How Stupidity and Corruption Sank the Irish Tiger
Book review: Ship of Fools: How Stupidity and Corruption Sank the Irish Tiger
21 November 2009, The Scotsman
By DAVID ROBINSON
How Stupidity and Corruption Sank the Irish Tiger by Fintan O'Toole
IN THE 1980s I lived for half a dozen years in Ireland. It's an easy country to fall in love with, and I did. Somehow the politics of the country – routinely discussed with far greater knowledge and sophistication than in Britain – engaged me more than British politics have ever done. I knew exactly the kind of Ireland I wanted to see emerge, and years later, with my namesake as the country's president, the first stirrings of the Celtic Tiger and a more liberal society no longer in thrall to the Church, it seemed as though it already had.
By the end of the 1990s, emigration had not only stopped but reversed. Ireland was exporting more computer software than anywhere else in the world. The economy was growing three times faster than the EU average, with per capita GDP way ahead of Britain's. Its property market reflected this, growing twice as fast as our own. Those "thick Paddy" stereotypes – remember all those anti-Irish "jokes" from the 1970s? – were long dead and buried.
Most Britons looked across the Irish Sea to a dynamic, young country awash with inward investment, in which labour and capital were in an enviably harmonious relationship. Culturally, Ireland was globally hip. Even their rugby and football teams started winning. Alex Salmond talked about an "arc of prosperity" among small northern nations and – as late as February last year – about creating "a Celtic Lion economy to rival the Celtic Tiger". Nobody laughed.
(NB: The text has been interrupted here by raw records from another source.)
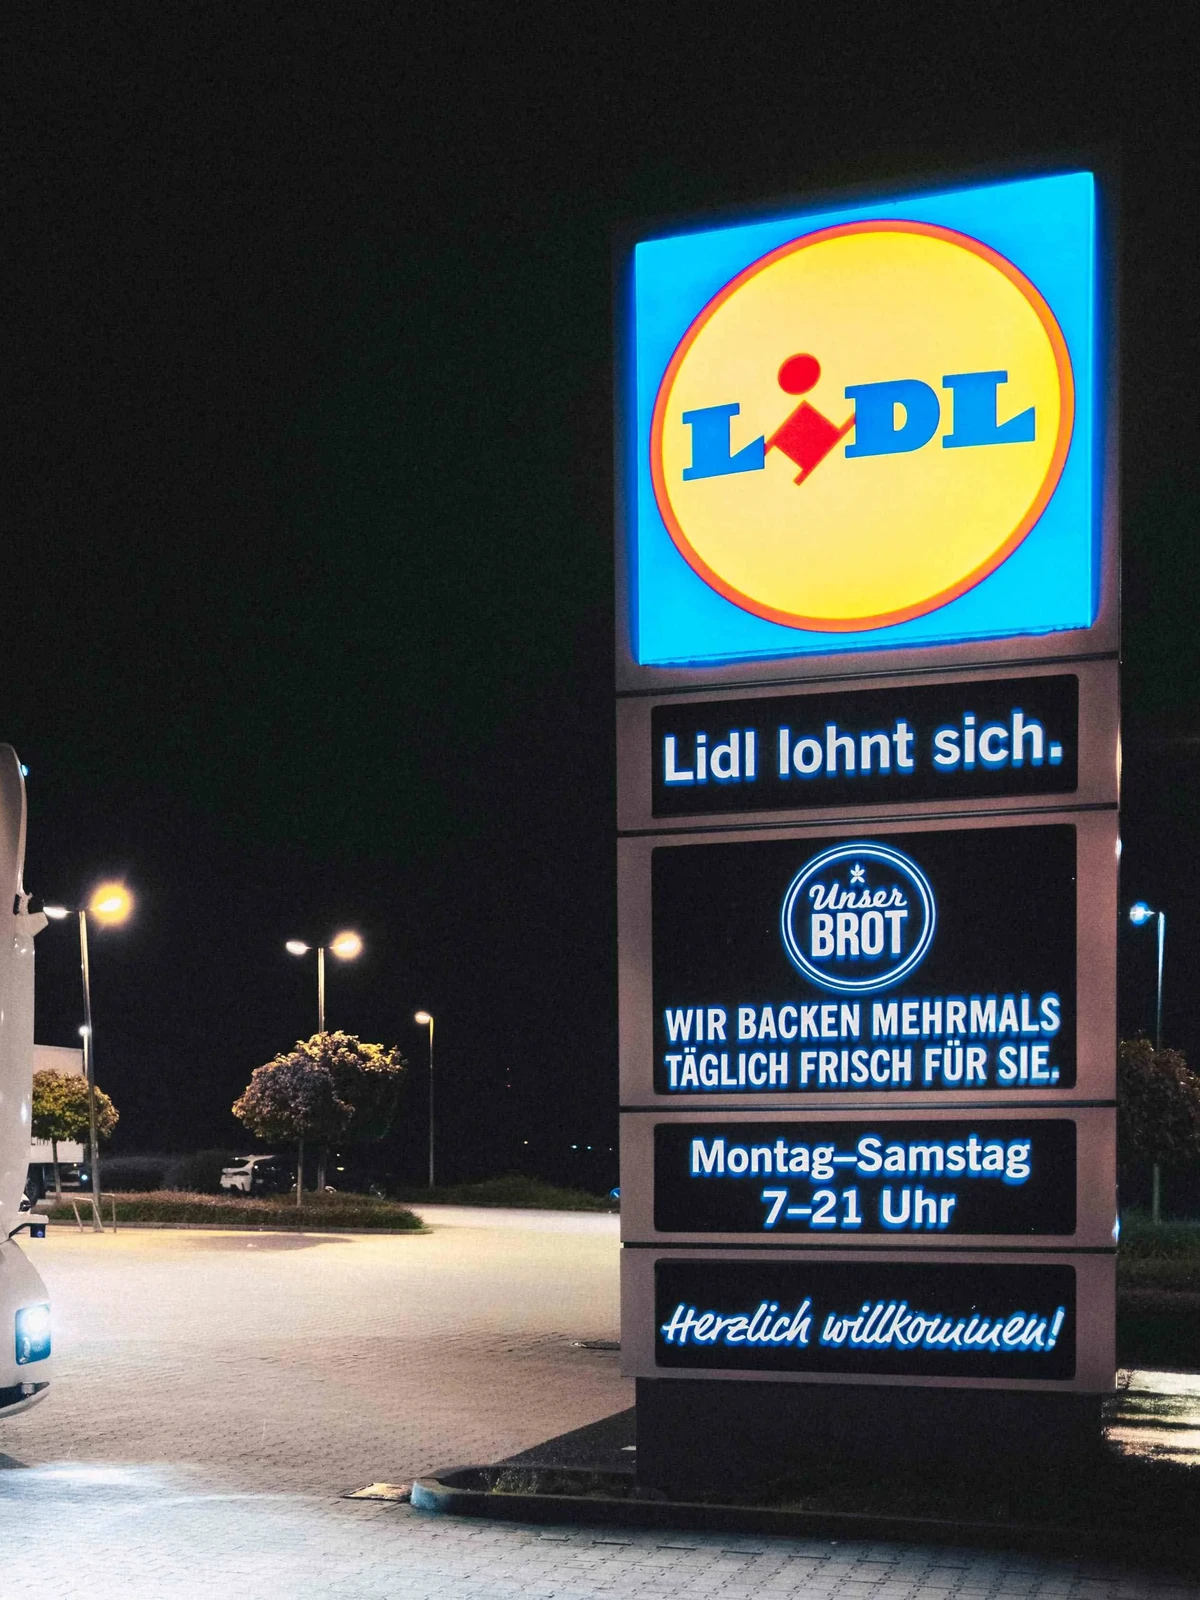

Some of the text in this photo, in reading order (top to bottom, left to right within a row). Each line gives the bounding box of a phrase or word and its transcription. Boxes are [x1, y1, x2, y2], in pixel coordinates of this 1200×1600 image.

[665, 713, 1062, 781] Lidl lohnt sich.
[809, 883, 907, 910] Unser
[811, 909, 908, 958] BROT
[665, 997, 1060, 1041] WIR BACKEN MEHRMALS
[665, 1039, 1060, 1086] TÄGLICH FRISCH FÜR SIE.
[763, 1190, 955, 1224] 7–21 Uhr
[663, 1301, 1065, 1347] Herzlich willkommen!
We – and he – weren't looking hard enough.
In this brilliant, coruscating polemic, Fintan O'Toole, for a couple of decades now the head boy of Irish journalism, shows just what we missed.
Let's start with corruption. Cronyism is always a danger in small countries – it's the chief culprit in Iceland's spectacular economic suicide – but where politics are based on individuals not ideologies it becomes positively lethal. In Ireland there's hardly anything to separate the two main centre-right parties, apart from the fact that they formed as a result of a civil war which hardly anyone living can remember. What matters instead is, at an individual level, which politician has, as the Irish say, the most "pull".
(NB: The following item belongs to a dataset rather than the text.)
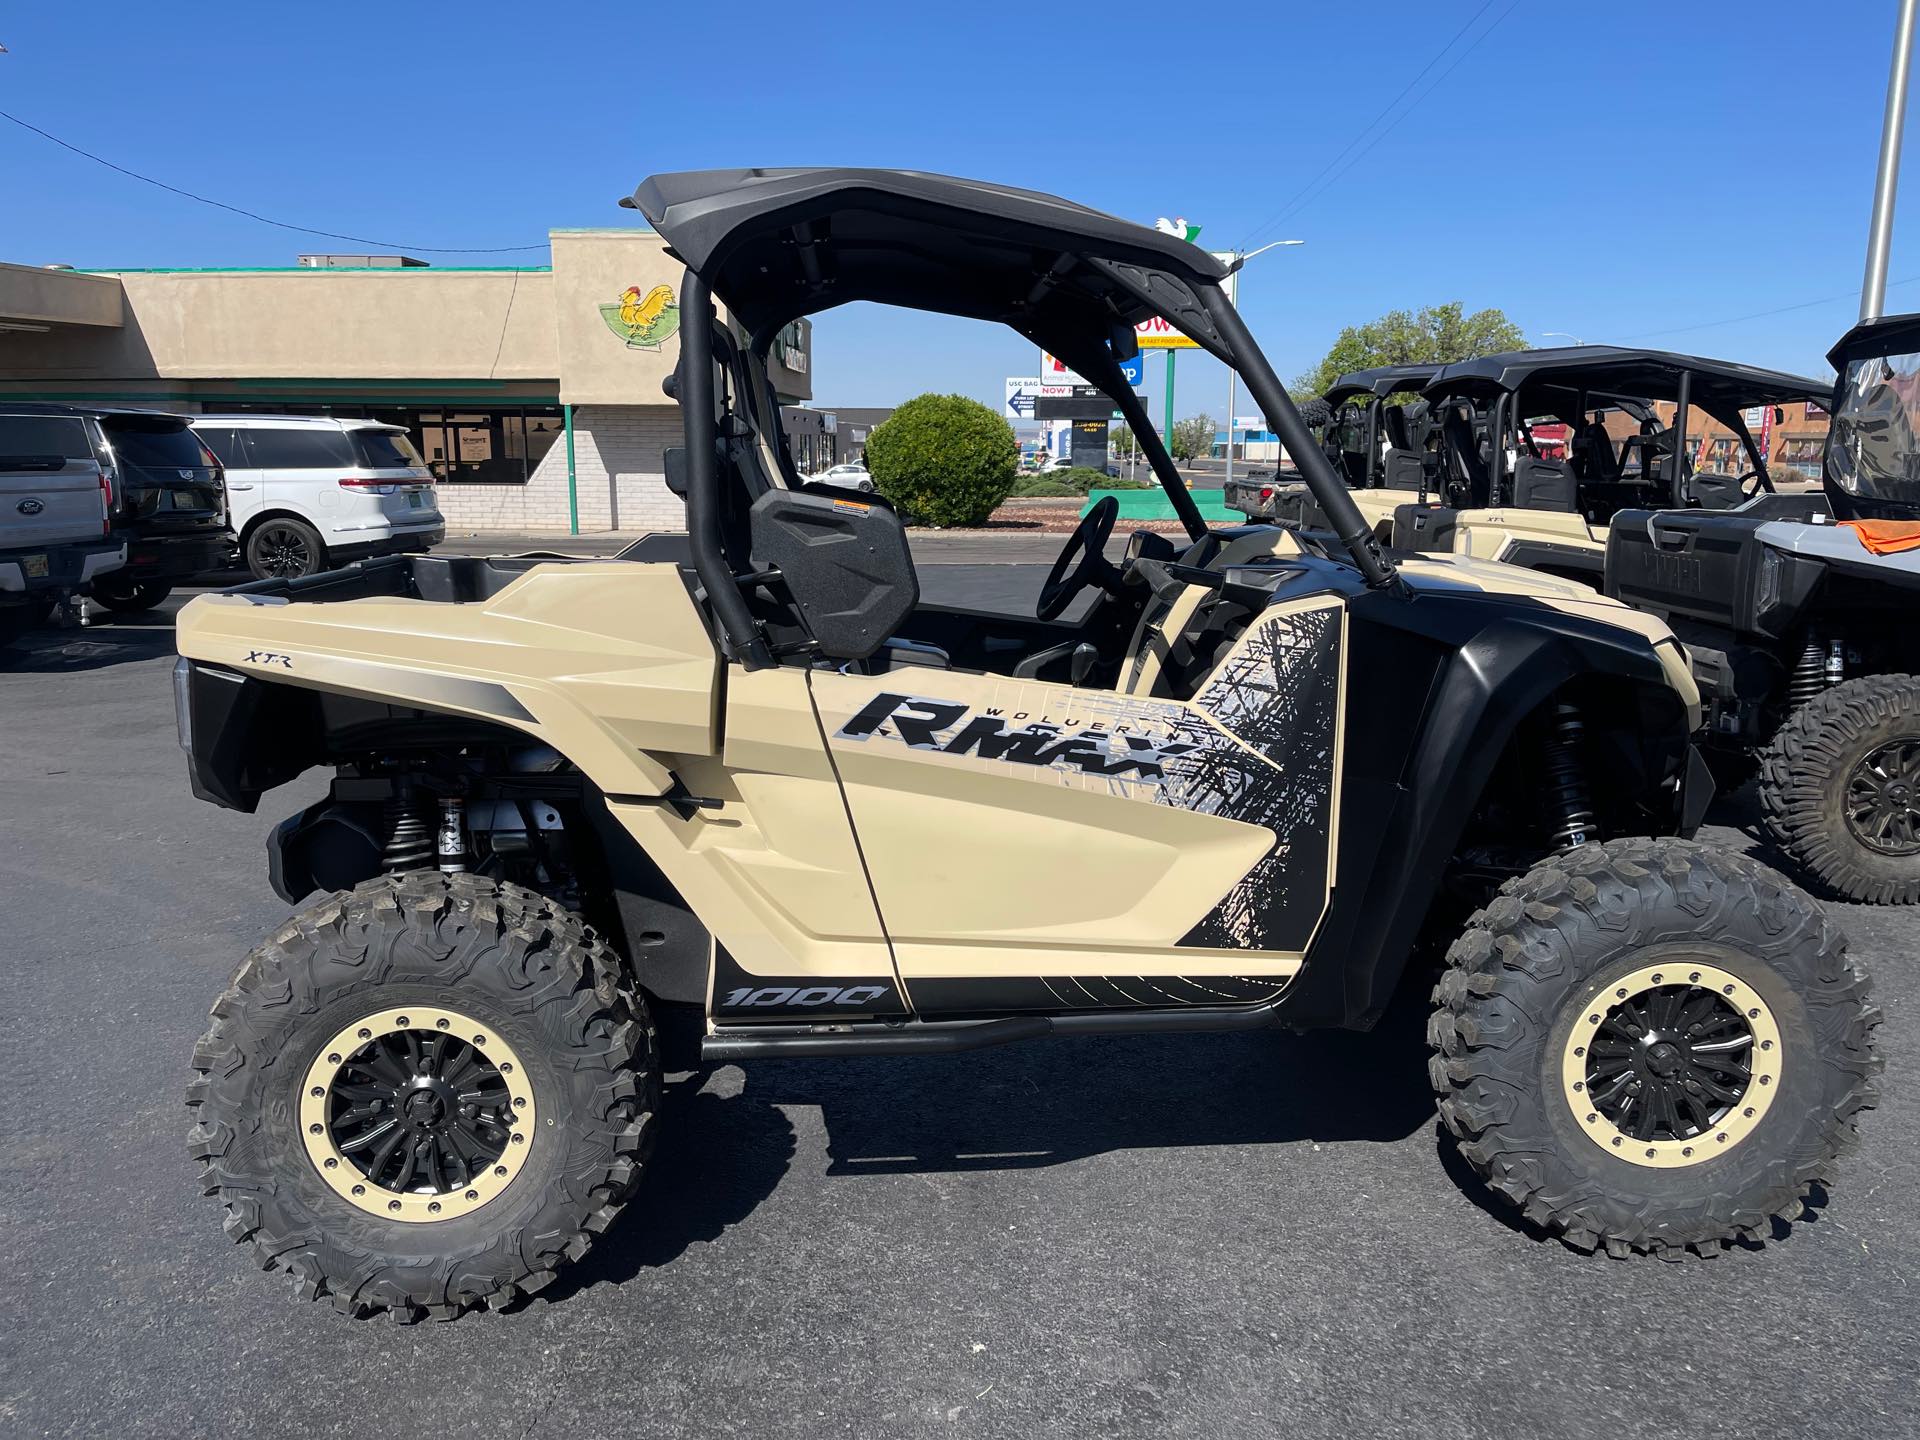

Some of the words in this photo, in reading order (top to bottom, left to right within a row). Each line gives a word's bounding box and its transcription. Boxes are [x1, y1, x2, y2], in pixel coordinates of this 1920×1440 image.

"Pull" is a key word in the Irish political lexicon. If you've got enough of it, you can override local planning laws and get a road built where you want. You can get land redesignated so it switches from green belt to something your developer friends might build houses or hotels on. If you have enough pull, those developers will make sure that you don't have any problem finding the necessary readies to fund your election campaign or – if you're really adept – funding your own lifestyle.
No-one in modern Irish politics ever had more pull than Charles Haughey, the Fianna Fáil leader nicknamed "the Boss". As Taoiseach, he transformed Dublin, turning Temple Bar into a tourist hotspot, building its International Financial Services Centre as a new low-tax haven, attracting millions to build new pharmaceutical and electronic engineering plants. Many of those millions, however, found their way into his back pocket: his 45 million fortune was 171 times his total salary payments as a full-time politician.
Everyone knew there was a whiff of sulphur about Haughey, but few realised the depths to which he would sink for money. When his right-hand man and former finance minister Brian Lenihan needed a liver transplant in the US, for example, the Boss raided funds raised for the operation to snaffle 250,000 for himself.
In Ireland, however, revelations about bungs from plutocrat friends hardly dented Haughey's popularity; arguably they even increased it. If you wanted a "fixer", someone who could get the Celtic Tiger up and running, if you wanted a politician with pull, who cared if a few laws were broken? Who really minded if civic morality wasn't all it should be? Who was really hurt by a few lies to the investigating tribunals?
When the bright, shiny new office blocks were transforming the cityscape, when Irish property developers were buying London landmarks and Irish farmers were snapping up Scottish land (a tenth the price of their own), when building sites throughout the land helped pull down the unemployment figures towards zero, the answer was: hardly anybody. This was a poor, historically oppressed country finally getting its day in the sun. Who could object to that?
With transparency, no-one. But the world of pull is all about collusion, about keeping things in the dark, about ignoring the letter of the law. That meant politicians keeping developers sweet with re-zoning deals, ignoring low-cost compulsory purchase land options and social housing promises. It meant tax evasion on a massive scale, "light touch" bank regulation that opened the door to fraud, and no-questions-asked developments that led, as O'Toole points out, to "the building of houses whose real purpose was to provide shelter not for real people but for the taxes of the builders".